WHAT TO PRODUCE:
Could you repeat every line below exactly, skipping the images?

PROVIDED DATA:

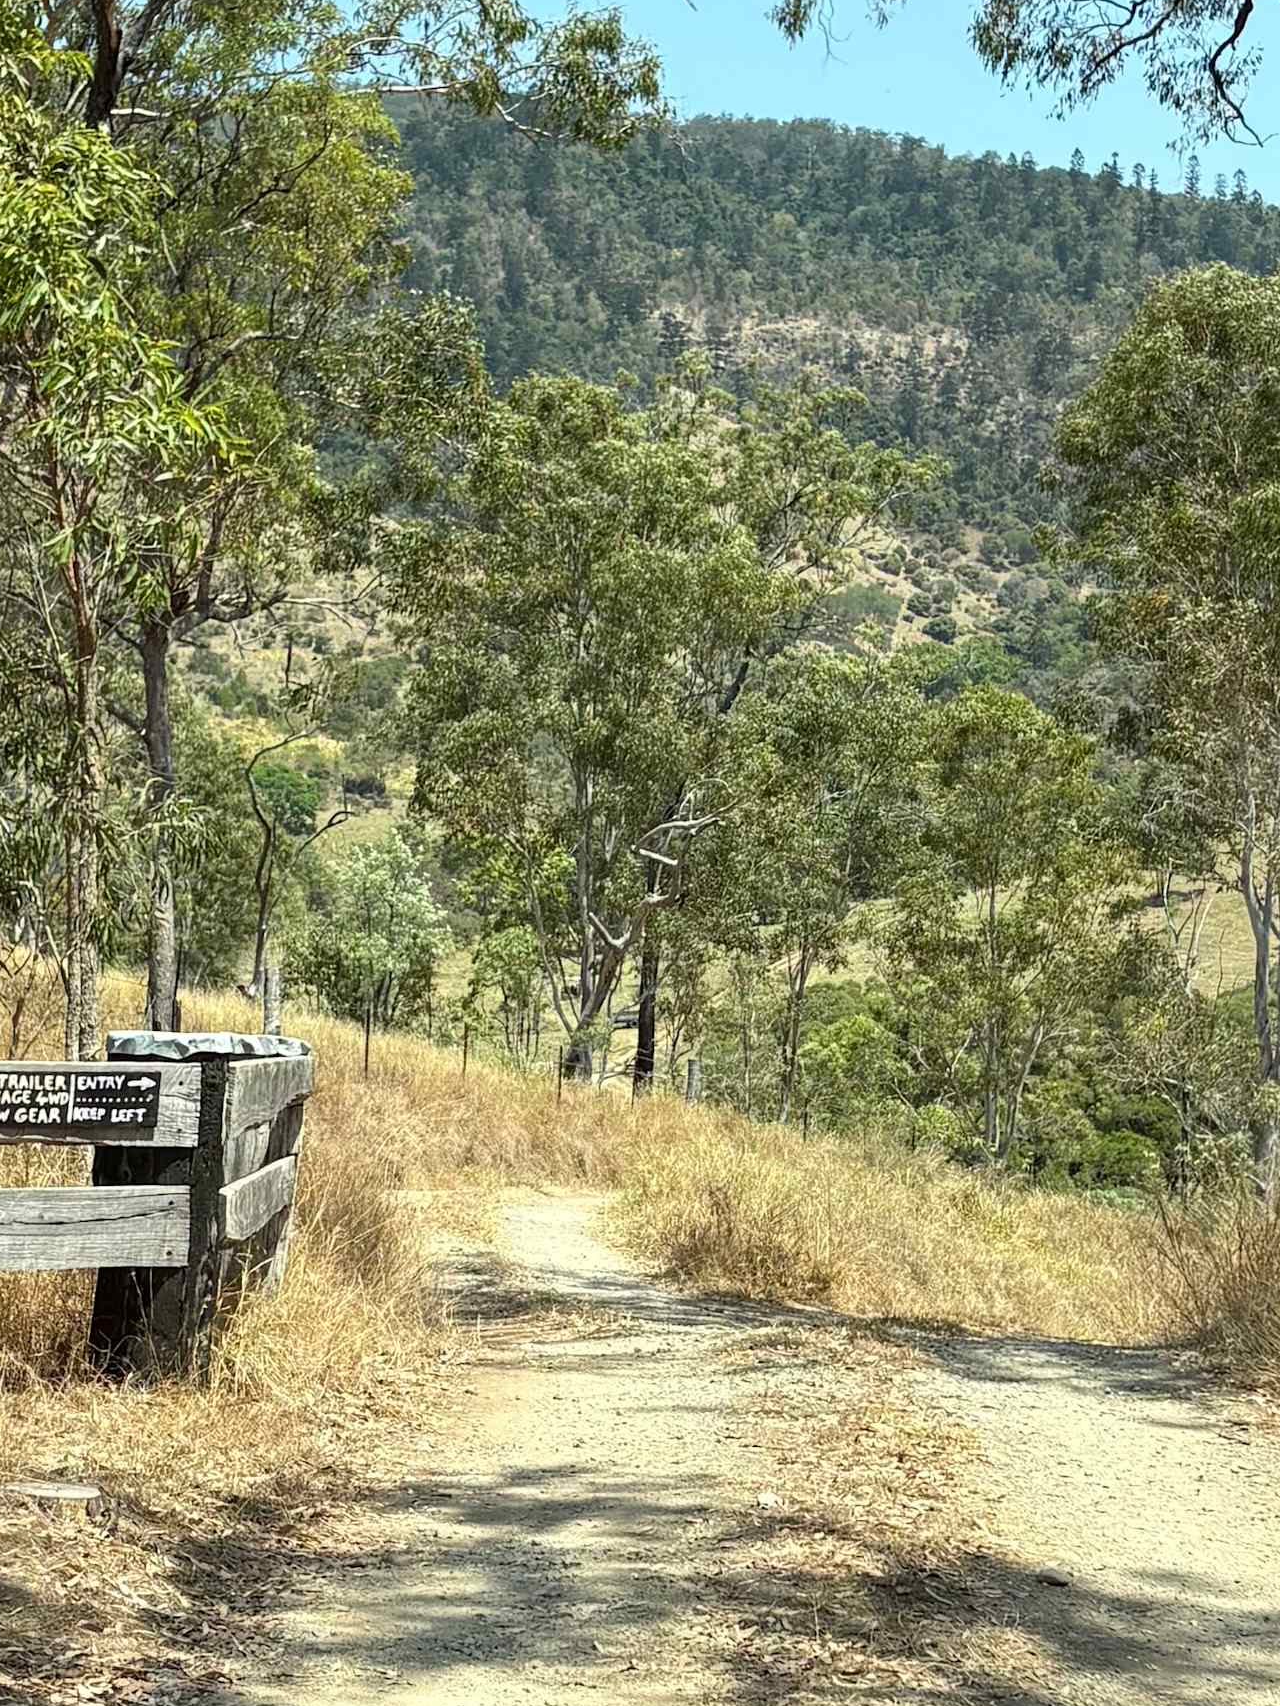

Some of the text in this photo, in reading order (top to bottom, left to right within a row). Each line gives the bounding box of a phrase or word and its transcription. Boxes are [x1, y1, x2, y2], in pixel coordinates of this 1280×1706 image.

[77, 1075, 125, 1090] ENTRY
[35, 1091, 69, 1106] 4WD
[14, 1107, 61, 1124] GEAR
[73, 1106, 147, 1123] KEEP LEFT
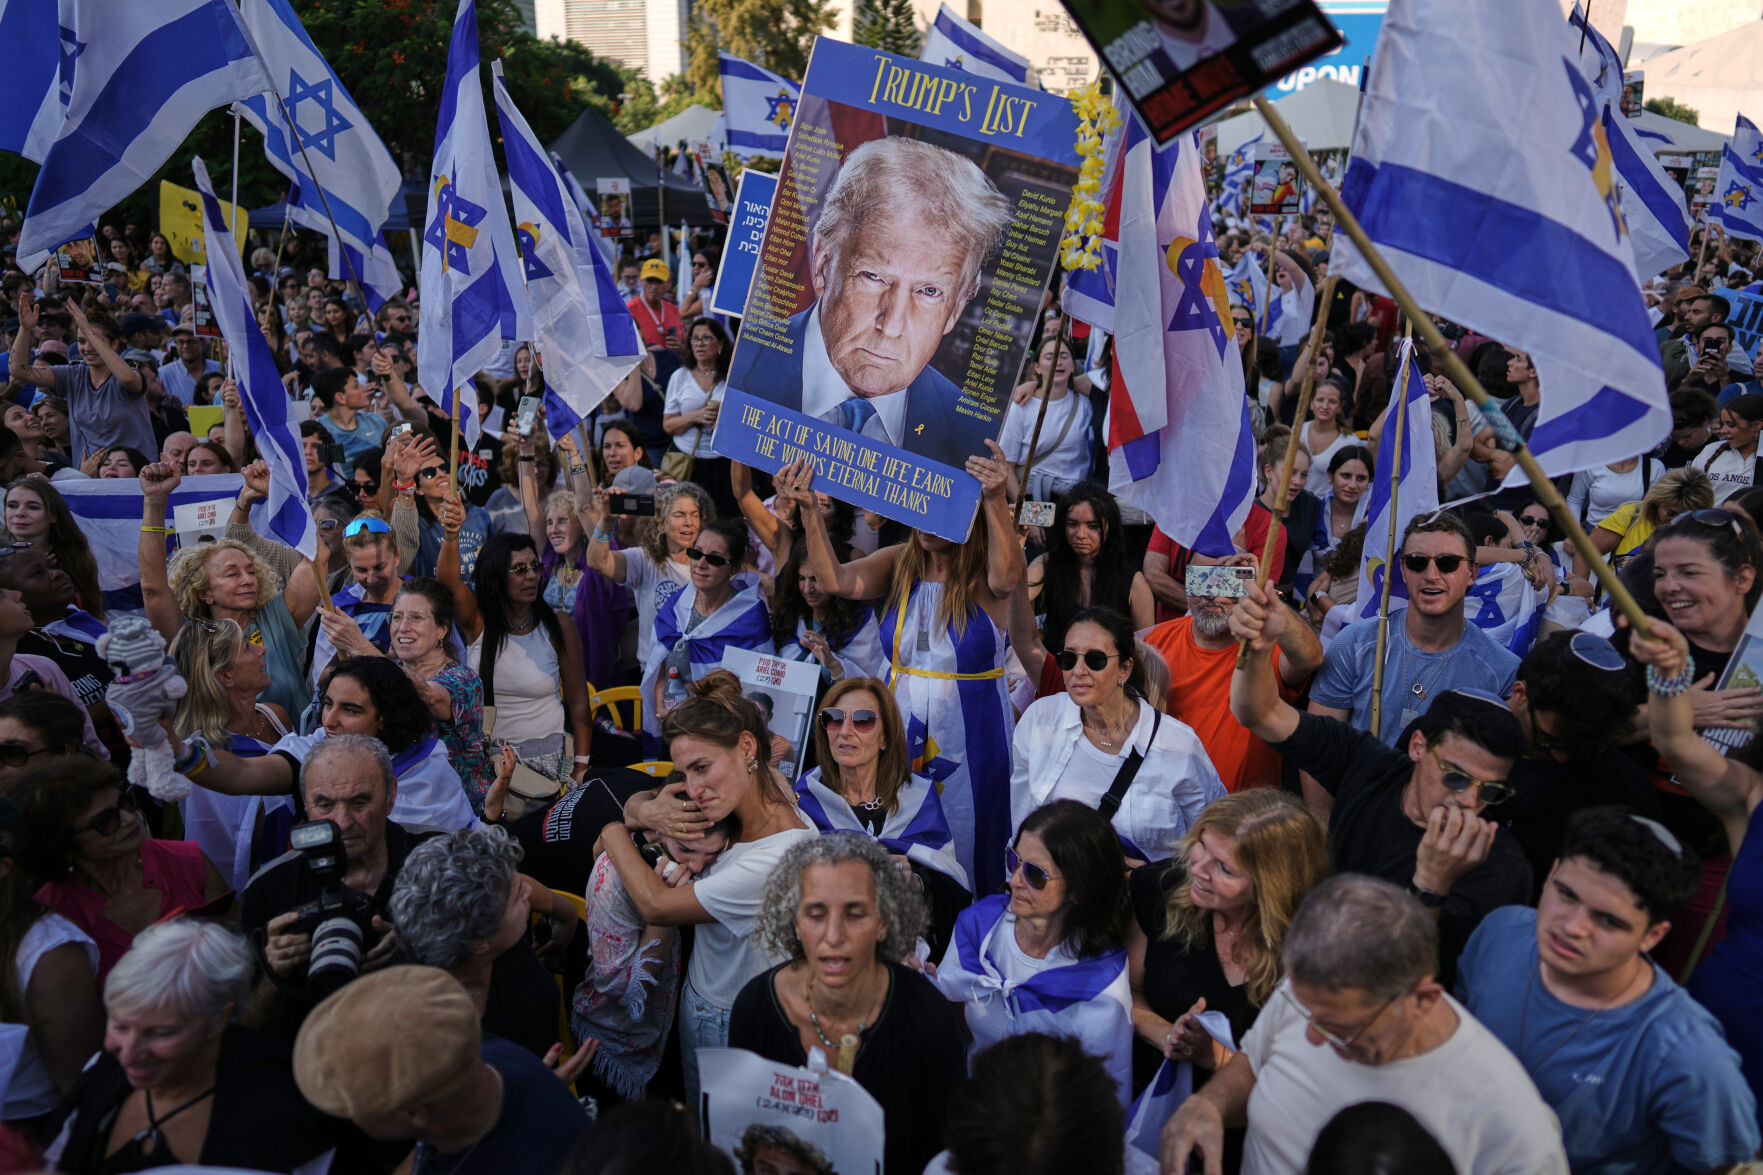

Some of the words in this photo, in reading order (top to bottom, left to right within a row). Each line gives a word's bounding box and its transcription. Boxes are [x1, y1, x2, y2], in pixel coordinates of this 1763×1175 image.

FINISHED EXERCISE:
Some of the text in this photo, in reading order (top to bottom, left to right within a row). Each line gives the bounding box of a phrase or word and its transcription. Boxes are [x1, y1, x2, y2], in pixel coordinates of this 1280×1706 image.

[77, 1075, 125, 1090] ENTRY
[35, 1091, 69, 1106] 4WD
[14, 1107, 61, 1124] GEAR
[73, 1106, 147, 1123] KEEP LEFT

Some of the words in this photo, in reading order (top to bottom, left to right within a row). Each line gives a word's bounding box and its transcription. Boxes are [x1, y1, x2, y2], in pixel coordinates of this 1763×1175 image.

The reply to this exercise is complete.